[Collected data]
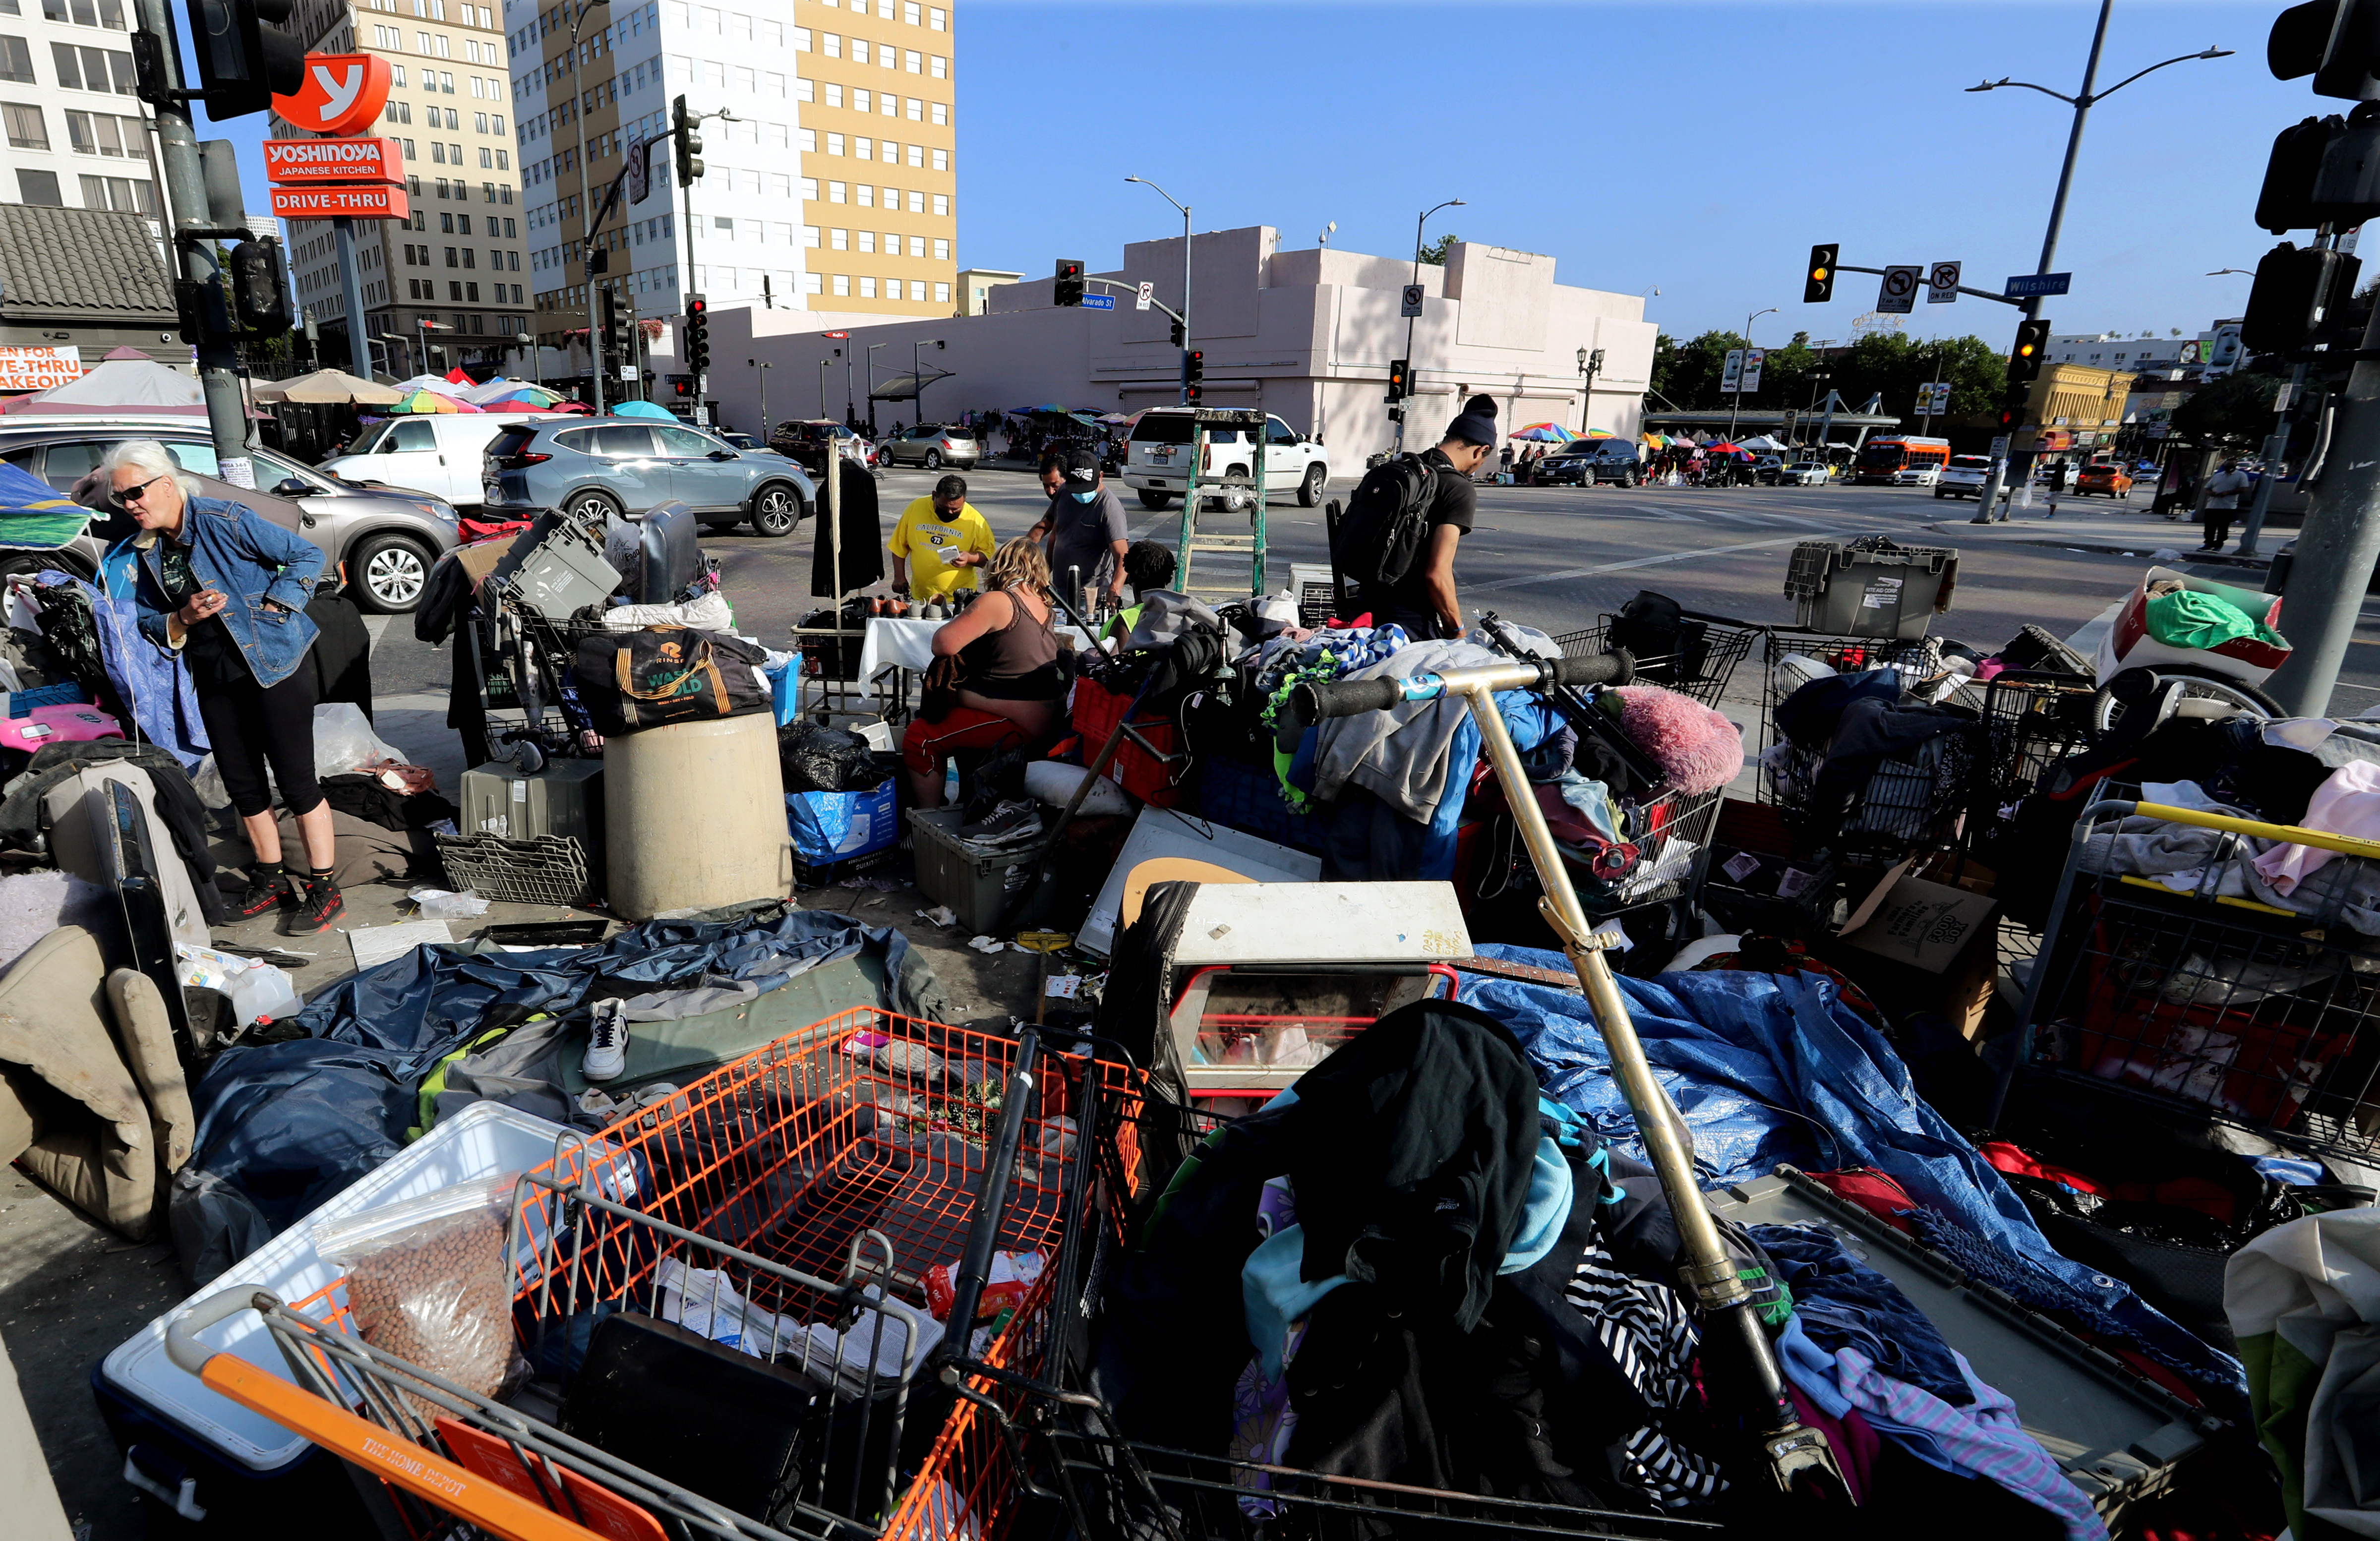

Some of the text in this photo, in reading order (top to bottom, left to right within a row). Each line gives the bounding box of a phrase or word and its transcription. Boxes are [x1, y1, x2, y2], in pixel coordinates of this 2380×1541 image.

[268, 144, 381, 163] YOSHINOYA
[279, 167, 330, 176] JAPANESE
[276, 194, 387, 208] DRIVE-THRU
[2010, 279, 2066, 292] Wilshire
[1082, 297, 1104, 306] Alvarado
[23, 347, 57, 357] FOR
[915, 523, 963, 539] CALIFORNIA
[848, 854, 872, 865] CONDITIONER
[1887, 904, 1916, 935] Farmers
[1899, 905, 1929, 937] Families
[1926, 915, 1956, 944] FOOD
[1943, 921, 1969, 944] BOX
[361, 1437, 390, 1459] THE
[386, 1450, 425, 1477] HOME
[422, 1468, 467, 1497] DEPOT

- Task objective
Your reply should restate every entry exactly, with the pictures left out.

- Solution below
Some of the text in this photo, in reading order (top to bottom, left to right within a row). Each line gives the bounding box of a phrase or word and its transcription. Boxes are [x1, y1, x2, y2], in pixel coordinates of this 2380×1541 image.

[268, 144, 381, 163] YOSHINOYA
[279, 167, 330, 176] JAPANESE
[276, 194, 387, 208] DRIVE-THRU
[2010, 279, 2066, 292] Wilshire
[1082, 297, 1104, 306] Alvarado
[23, 347, 57, 357] FOR
[915, 523, 963, 539] CALIFORNIA
[848, 854, 872, 865] CONDITIONER
[1887, 904, 1916, 935] Farmers
[1899, 905, 1929, 937] Families
[1926, 915, 1956, 944] FOOD
[1943, 921, 1969, 944] BOX
[361, 1437, 390, 1459] THE
[386, 1450, 425, 1477] HOME
[422, 1468, 467, 1497] DEPOT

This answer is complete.